All of this complicates the West’s countermoves – countermoves pre-crippled by repeated statements that NATO will not come to Ukraine’s aid.
Russia’s opening moves – massive cyber and precision missile strikes across Ukraine – look designed to take out military and supportive infrastructure, regarding the “demilitarization” of which Putin has spoken.

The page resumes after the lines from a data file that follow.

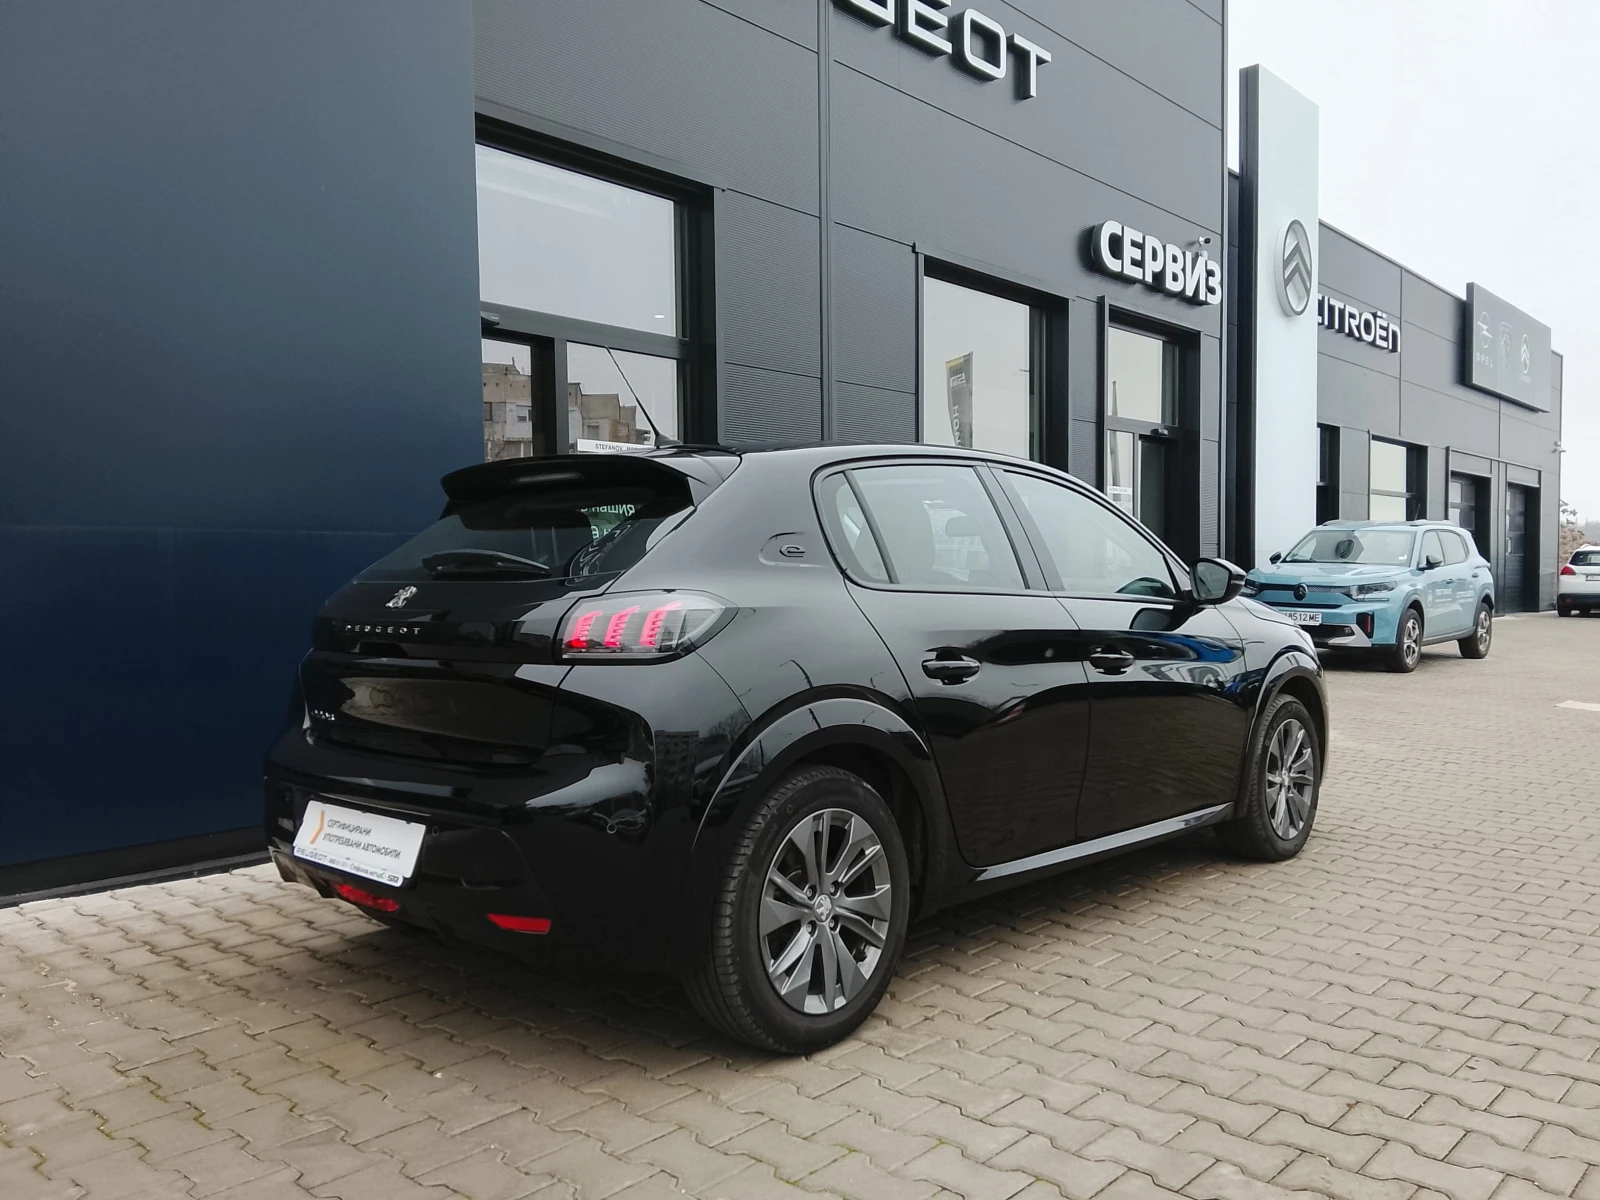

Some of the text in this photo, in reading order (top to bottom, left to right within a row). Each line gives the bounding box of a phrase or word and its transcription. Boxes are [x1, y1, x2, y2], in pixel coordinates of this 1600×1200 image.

[1100, 220, 1221, 305] СЕРВИЗ
[595, 443, 623, 452] STEFANOV
[345, 624, 420, 635] PEUGEOT
[327, 818, 372, 837] СЕРТИФИЦИРАНИ
[322, 832, 402, 860] УПОТРЕБЯВАНИ АВТОМОБИЛИ
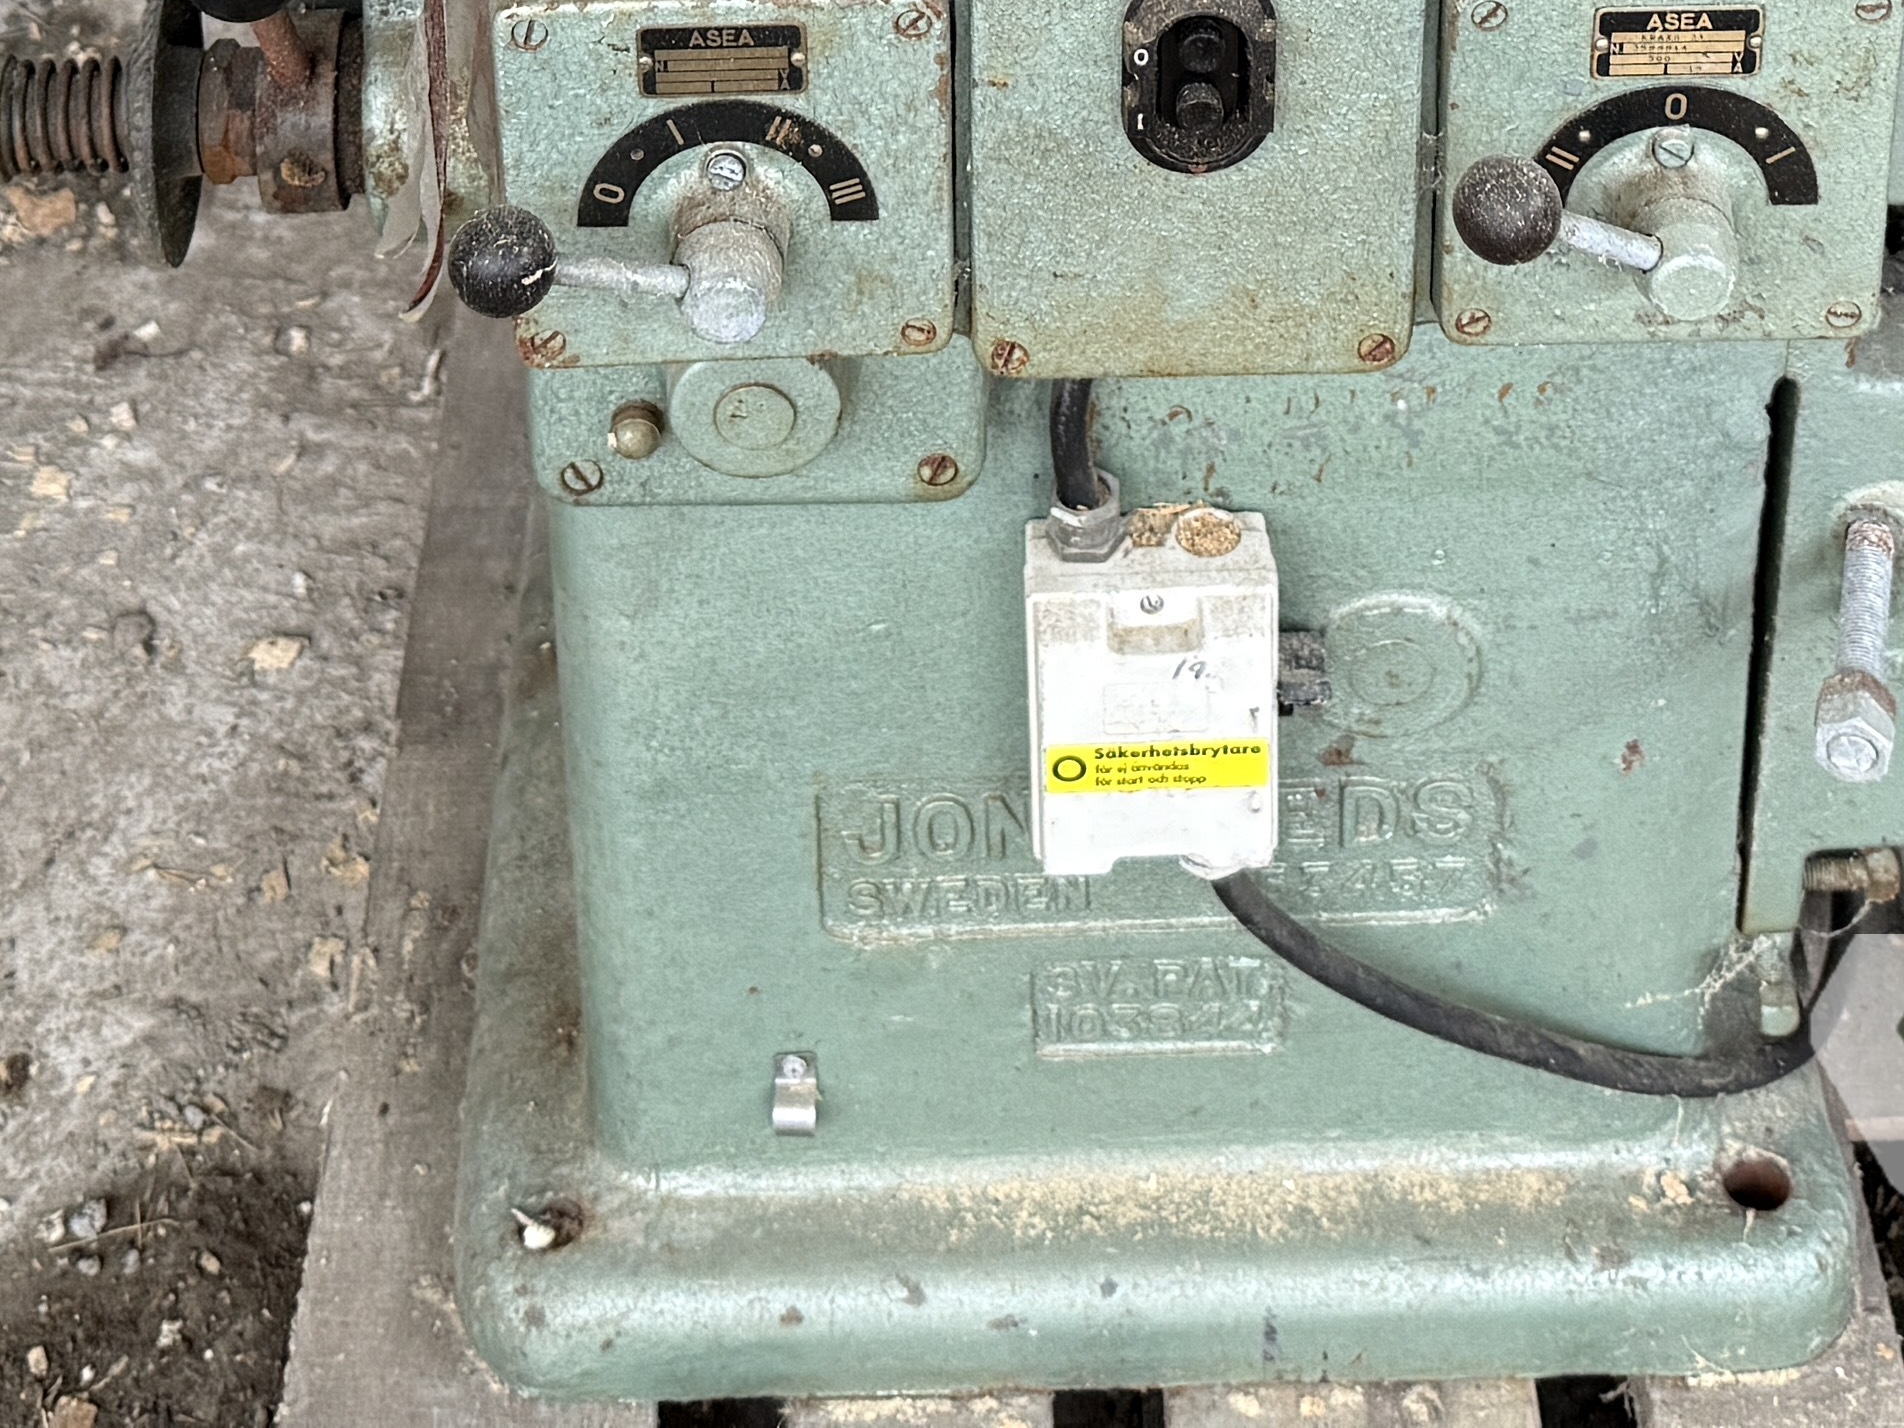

If successful, as seems likely, this will grant Russia immediate air superiority and enable large-scale airborne and heliborne operations over Ukraine.
At the time of writing, amid the chaos of war, the details of the ground assault are not clear.
The widely anticipated target was the eastern Donbas region, and this may, indeed, remain the objective.
However, there are already reports of marine operations, which would suggest a bigger move to grab a corridor along the Avoz coast connecting Crimea, Donbas and Russia proper. After all, multiple analyses have it that the viability of the Crimean peninsula, cut off from its adjacent landmass, is questionable in the long term.
Could the operation be an even bigger, bolder strike to seize key cities and establish puppet governance across Ukraine?
Or is this an outright, old-school conquest?
Whatever it may be: How will Ukraine resist? It is surrounded on three sides and is outgunned and out-teched.
Will the Ukrainians do what the Finns did in 1939 and fight like hell, generating massive casualties before a negotiated ceasefire? Will their standing military halt conventional resistance and go over to guerilla tactics, leading to a bleed of Russian youth? Or will national resistance collapse?
Whatever the response, this is a terrible situation for any nation – let alone one that sits on the frontier of prosperous, portly, middle-class Europe.
Russia hurls down a gauntlet
The biggest question now is what the West will do next. This is the greatest challenge Russia has placed before it since the Cold War concluded with a whimper.
One possible response is a non-kinetic hybrid war: finance, trade, commerce, cyber and electronic, energy – and perhaps a pipeline of weapons into Ukraine to fuel resistance.
But how will Europe cope with the Russian gas cut off? Will eastern NATO states be willing to take the risk of being arms conduits, or sanctuaries for Ukrainian guerillas?
And one can only hope that the NATO states in Eastern Europe – some of which have a poor record in their immigration policies in recent years, and are at odds with the EU over this very matter – will handle refugee flows with the utmost humanity.
Putin has clearly decided it is worth risking his economy on the altar of security. Some analyses have it that Russia will be able to resist even the harshest “game over” sanctions for a year. By the end of that period, Russia might well be spiraling down into a severe depression.
But by the same token, Ukraine could be a much-shrunken state, a satellite of Russia with a puppet in command – a vast buffer keeping the West at arm’s length from the Russian heartland. Or it might be a wasteland.
Putin has made his move. The world awaits Biden’s response.
Given what is at stake, and given the risk of a wider clash and the much-feared “spiral of escalation” that could exert a braking force on bold action, this is a mighty responsibility for the US president to shoulder.